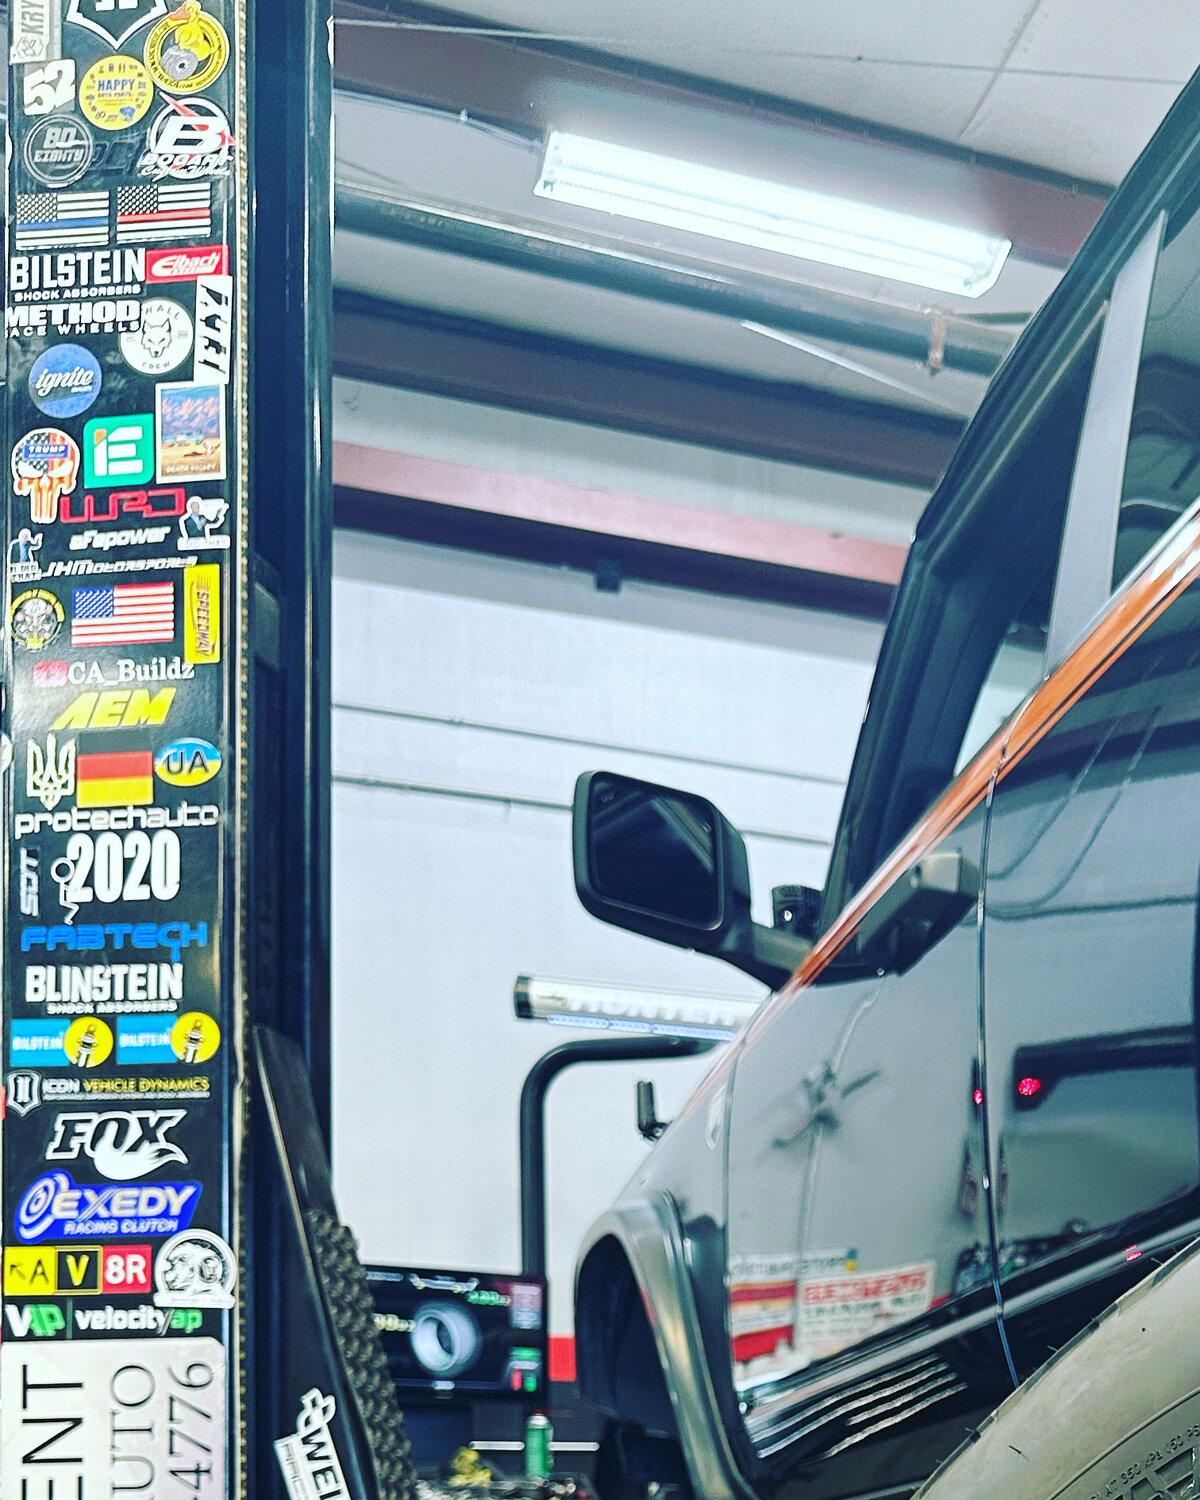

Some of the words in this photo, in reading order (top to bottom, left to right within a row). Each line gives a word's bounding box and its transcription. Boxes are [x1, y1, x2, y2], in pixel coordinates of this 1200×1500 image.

[97, 79, 135, 91] HAPPY
[10, 248, 146, 291] BILSTEIN
[14, 290, 60, 302] SHOCK
[63, 284, 142, 299] ABSORBERS
[5, 300, 141, 327] METHOD
[57, 320, 140, 335] WHEELS
[67, 657, 195, 687] CA_Buildz
[50, 687, 177, 730] AEM
[166, 750, 210, 775] UA
[66, 829, 181, 903] 2020
[21, 921, 208, 955] FABTECH
[47, 1003, 94, 1014] SHOCK
[96, 1000, 178, 1013] ABSORBERS
[83, 1078, 136, 1093] VEHICLE
[139, 1076, 210, 1092] DYNAMICS
[46, 1109, 188, 1162] FOX
[52, 1186, 197, 1219] EXEDY
[64, 1220, 118, 1235] RACING
[121, 1218, 179, 1233] CLUTCH
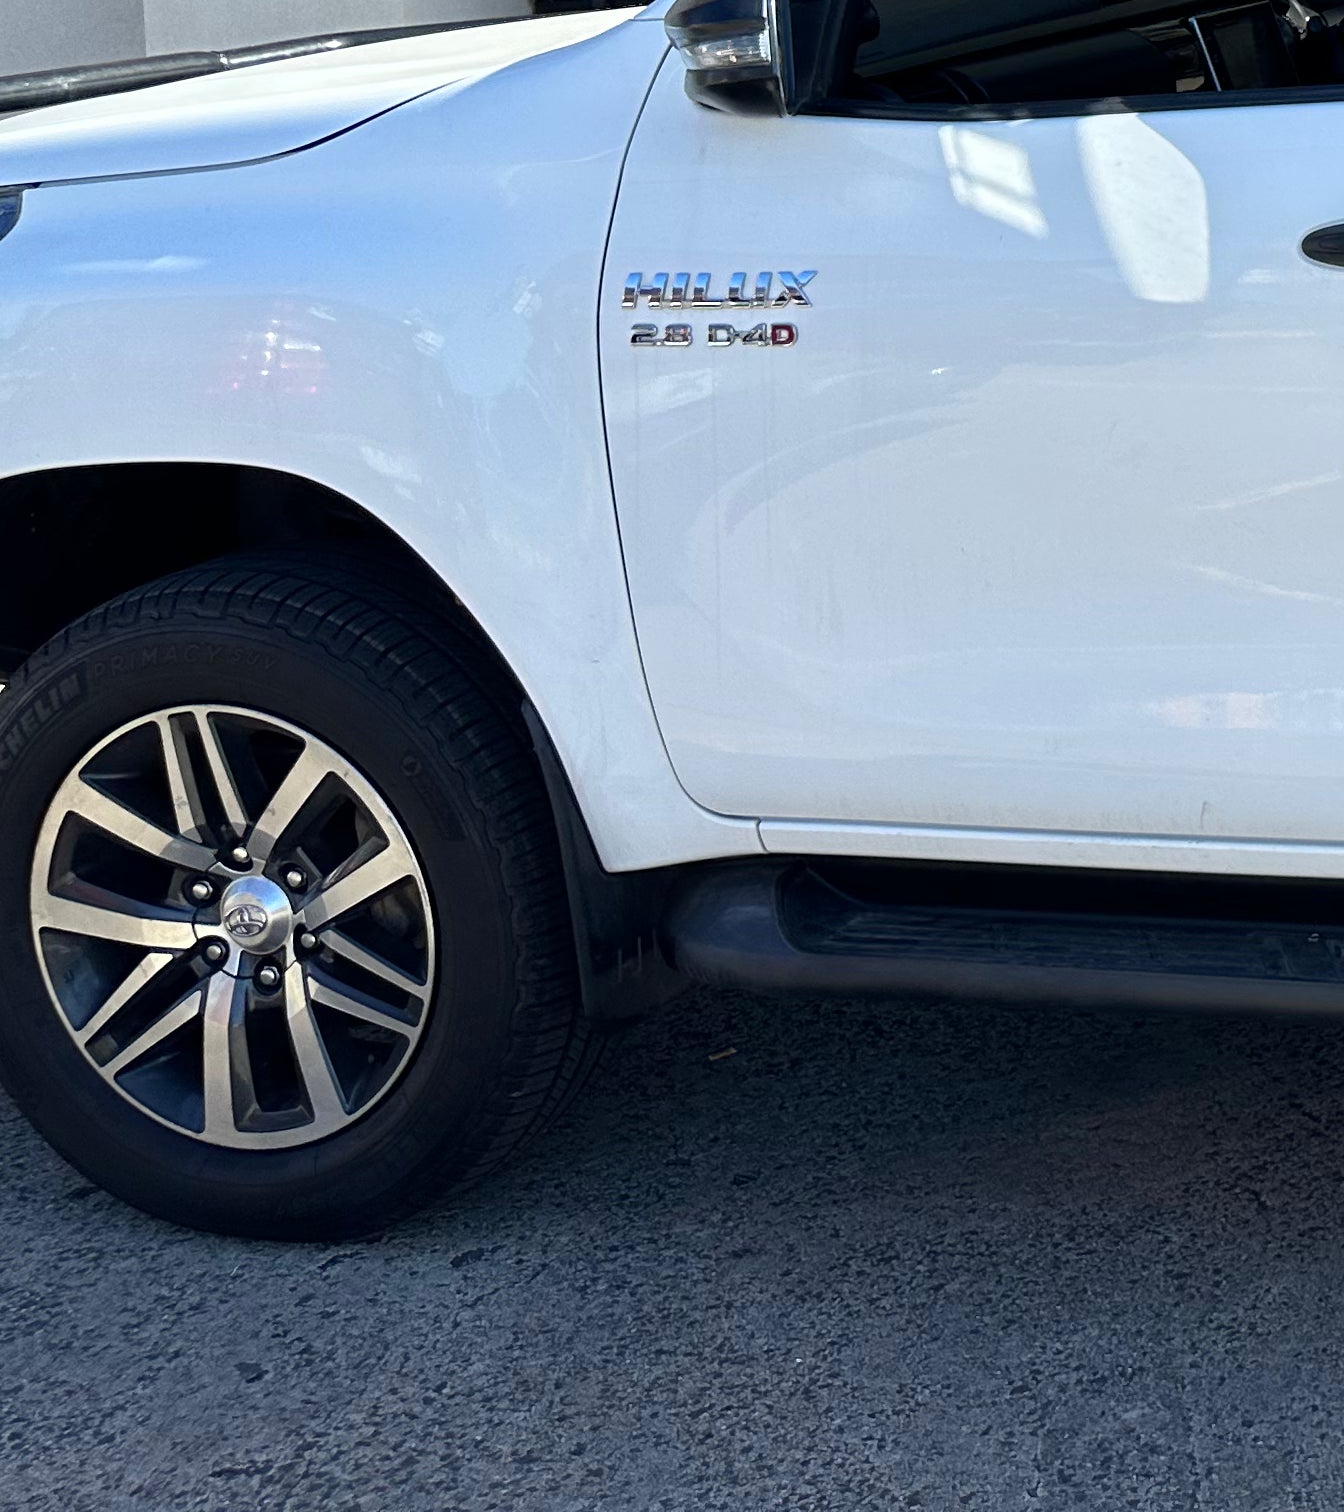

■ WHAT YOU WILL DO ■
Could you reproduce the records above exactly, leaving out every picture?

■ TASK OUTPUT ■
Some of the words in this photo, in reading order (top to bottom, left to right within a row). Each line gives a word's bounding box and its transcription. Boxes are [x1, y1, x2, y2], in pixel coordinates of this 1200×1500 image.

[97, 79, 135, 91] HAPPY
[10, 248, 146, 291] BILSTEIN
[14, 290, 60, 302] SHOCK
[63, 284, 142, 299] ABSORBERS
[5, 300, 141, 327] METHOD
[57, 320, 140, 335] WHEELS
[67, 657, 195, 687] CA_Buildz
[50, 687, 177, 730] AEM
[166, 750, 210, 775] UA
[66, 829, 181, 903] 2020
[21, 921, 208, 955] FABTECH
[47, 1003, 94, 1014] SHOCK
[96, 1000, 178, 1013] ABSORBERS
[83, 1078, 136, 1093] VEHICLE
[139, 1076, 210, 1092] DYNAMICS
[46, 1109, 188, 1162] FOX
[52, 1186, 197, 1219] EXEDY
[64, 1220, 118, 1235] RACING
[121, 1218, 179, 1233] CLUTCH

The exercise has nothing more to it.